» **PROBLEM DETAILS**
Each line of the data should be transcribed exactly as given.
* * * * *
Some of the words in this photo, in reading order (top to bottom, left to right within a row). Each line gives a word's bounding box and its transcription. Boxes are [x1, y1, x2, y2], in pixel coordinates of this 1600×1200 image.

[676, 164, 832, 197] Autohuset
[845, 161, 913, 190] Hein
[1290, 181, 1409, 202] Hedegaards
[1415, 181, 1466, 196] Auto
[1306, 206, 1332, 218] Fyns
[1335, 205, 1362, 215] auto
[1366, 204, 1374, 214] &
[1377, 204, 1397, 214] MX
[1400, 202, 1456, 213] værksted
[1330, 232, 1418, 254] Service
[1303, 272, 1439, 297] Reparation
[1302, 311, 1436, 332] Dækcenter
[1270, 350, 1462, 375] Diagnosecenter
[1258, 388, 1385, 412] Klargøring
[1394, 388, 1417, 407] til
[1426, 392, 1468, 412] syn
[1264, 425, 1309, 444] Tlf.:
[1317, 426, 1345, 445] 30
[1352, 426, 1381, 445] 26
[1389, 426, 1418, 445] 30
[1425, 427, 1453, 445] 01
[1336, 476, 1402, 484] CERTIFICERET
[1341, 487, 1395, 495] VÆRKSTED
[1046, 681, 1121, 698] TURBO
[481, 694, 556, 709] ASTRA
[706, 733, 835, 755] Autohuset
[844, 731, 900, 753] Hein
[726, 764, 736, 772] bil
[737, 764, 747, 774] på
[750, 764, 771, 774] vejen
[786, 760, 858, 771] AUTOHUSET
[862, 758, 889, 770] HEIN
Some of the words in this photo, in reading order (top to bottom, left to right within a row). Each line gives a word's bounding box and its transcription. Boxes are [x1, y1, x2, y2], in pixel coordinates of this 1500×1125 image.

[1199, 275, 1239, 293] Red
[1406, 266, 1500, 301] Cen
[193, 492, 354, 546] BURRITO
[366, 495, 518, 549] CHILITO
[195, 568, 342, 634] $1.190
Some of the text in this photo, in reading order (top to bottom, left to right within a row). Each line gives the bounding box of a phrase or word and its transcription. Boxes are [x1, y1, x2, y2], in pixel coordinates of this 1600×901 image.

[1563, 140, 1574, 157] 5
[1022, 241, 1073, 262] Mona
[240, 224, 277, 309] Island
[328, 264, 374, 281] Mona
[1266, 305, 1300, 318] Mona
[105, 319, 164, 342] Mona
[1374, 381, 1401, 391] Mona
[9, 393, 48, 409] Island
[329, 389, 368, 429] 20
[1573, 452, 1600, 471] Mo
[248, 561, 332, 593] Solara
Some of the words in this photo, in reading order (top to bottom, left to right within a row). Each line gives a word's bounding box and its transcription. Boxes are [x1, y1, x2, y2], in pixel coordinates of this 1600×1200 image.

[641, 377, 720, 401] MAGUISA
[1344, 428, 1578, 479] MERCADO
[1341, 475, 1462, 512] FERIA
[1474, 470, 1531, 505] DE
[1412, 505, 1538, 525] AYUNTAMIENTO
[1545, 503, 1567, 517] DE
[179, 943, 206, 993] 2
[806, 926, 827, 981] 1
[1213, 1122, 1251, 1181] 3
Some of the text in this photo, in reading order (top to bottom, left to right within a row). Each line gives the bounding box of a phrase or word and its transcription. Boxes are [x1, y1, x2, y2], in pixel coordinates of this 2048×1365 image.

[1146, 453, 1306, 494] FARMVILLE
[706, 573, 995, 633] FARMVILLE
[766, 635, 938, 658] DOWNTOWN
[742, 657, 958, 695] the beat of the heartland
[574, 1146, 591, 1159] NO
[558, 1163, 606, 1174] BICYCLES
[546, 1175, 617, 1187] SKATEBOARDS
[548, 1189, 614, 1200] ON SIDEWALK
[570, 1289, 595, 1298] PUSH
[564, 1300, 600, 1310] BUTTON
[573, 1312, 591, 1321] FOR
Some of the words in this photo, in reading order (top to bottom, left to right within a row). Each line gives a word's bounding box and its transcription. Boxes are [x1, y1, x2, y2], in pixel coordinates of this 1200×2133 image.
* * * * *
» **YOUR SOLUTION**
Some of the words in this photo, in reading order (top to bottom, left to right within a row). Each line gives a word's bounding box and its transcription. Boxes are [x1, y1, x2, y2], in pixel coordinates of this 1600×1200 image.

[676, 164, 832, 197] Autohuset
[845, 161, 913, 190] Hein
[1290, 181, 1409, 202] Hedegaards
[1415, 181, 1466, 196] Auto
[1306, 206, 1332, 218] Fyns
[1335, 205, 1362, 215] auto
[1366, 204, 1374, 214] &
[1377, 204, 1397, 214] MX
[1400, 202, 1456, 213] værksted
[1330, 232, 1418, 254] Service
[1303, 272, 1439, 297] Reparation
[1302, 311, 1436, 332] Dækcenter
[1270, 350, 1462, 375] Diagnosecenter
[1258, 388, 1385, 412] Klargøring
[1394, 388, 1417, 407] til
[1426, 392, 1468, 412] syn
[1264, 425, 1309, 444] Tlf.:
[1317, 426, 1345, 445] 30
[1352, 426, 1381, 445] 26
[1389, 426, 1418, 445] 30
[1425, 427, 1453, 445] 01
[1336, 476, 1402, 484] CERTIFICERET
[1341, 487, 1395, 495] VÆRKSTED
[1046, 681, 1121, 698] TURBO
[481, 694, 556, 709] ASTRA
[706, 733, 835, 755] Autohuset
[844, 731, 900, 753] Hein
[726, 764, 736, 772] bil
[737, 764, 747, 774] på
[750, 764, 771, 774] vejen
[786, 760, 858, 771] AUTOHUSET
[862, 758, 889, 770] HEIN
Some of the words in this photo, in reading order (top to bottom, left to right within a row). Each line gives a word's bounding box and its transcription. Boxes are [x1, y1, x2, y2], in pixel coordinates of this 1500×1125 image.

[1199, 275, 1239, 293] Red
[1406, 266, 1500, 301] Cen
[193, 492, 354, 546] BURRITO
[366, 495, 518, 549] CHILITO
[195, 568, 342, 634] $1.190
Some of the text in this photo, in reading order (top to bottom, left to right within a row). Each line gives the bounding box of a phrase or word and its transcription. Boxes are [x1, y1, x2, y2], in pixel coordinates of this 1600×901 image.

[1563, 140, 1574, 157] 5
[1022, 241, 1073, 262] Mona
[240, 224, 277, 309] Island
[328, 264, 374, 281] Mona
[1266, 305, 1300, 318] Mona
[105, 319, 164, 342] Mona
[1374, 381, 1401, 391] Mona
[9, 393, 48, 409] Island
[329, 389, 368, 429] 20
[1573, 452, 1600, 471] Mo
[248, 561, 332, 593] Solara
Some of the words in this photo, in reading order (top to bottom, left to right within a row). Each line gives a word's bounding box and its transcription. Boxes are [x1, y1, x2, y2], in pixel coordinates of this 1600×1200 image.

[641, 377, 720, 401] MAGUISA
[1344, 428, 1578, 479] MERCADO
[1341, 475, 1462, 512] FERIA
[1474, 470, 1531, 505] DE
[1412, 505, 1538, 525] AYUNTAMIENTO
[1545, 503, 1567, 517] DE
[179, 943, 206, 993] 2
[806, 926, 827, 981] 1
[1213, 1122, 1251, 1181] 3
Some of the text in this photo, in reading order (top to bottom, left to right within a row). Each line gives the bounding box of a phrase or word and its transcription. Boxes are [x1, y1, x2, y2], in pixel coordinates of this 2048×1365 image.

[1146, 453, 1306, 494] FARMVILLE
[706, 573, 995, 633] FARMVILLE
[766, 635, 938, 658] DOWNTOWN
[742, 657, 958, 695] the beat of the heartland
[574, 1146, 591, 1159] NO
[558, 1163, 606, 1174] BICYCLES
[546, 1175, 617, 1187] SKATEBOARDS
[548, 1189, 614, 1200] ON SIDEWALK
[570, 1289, 595, 1298] PUSH
[564, 1300, 600, 1310] BUTTON
[573, 1312, 591, 1321] FOR
Some of the words in this photo, in reading order (top to bottom, left to right within a row). Each line gives a word's bounding box and its transcription. Boxes are [x1, y1, x2, y2], in pixel coordinates of this 1200×2133 image.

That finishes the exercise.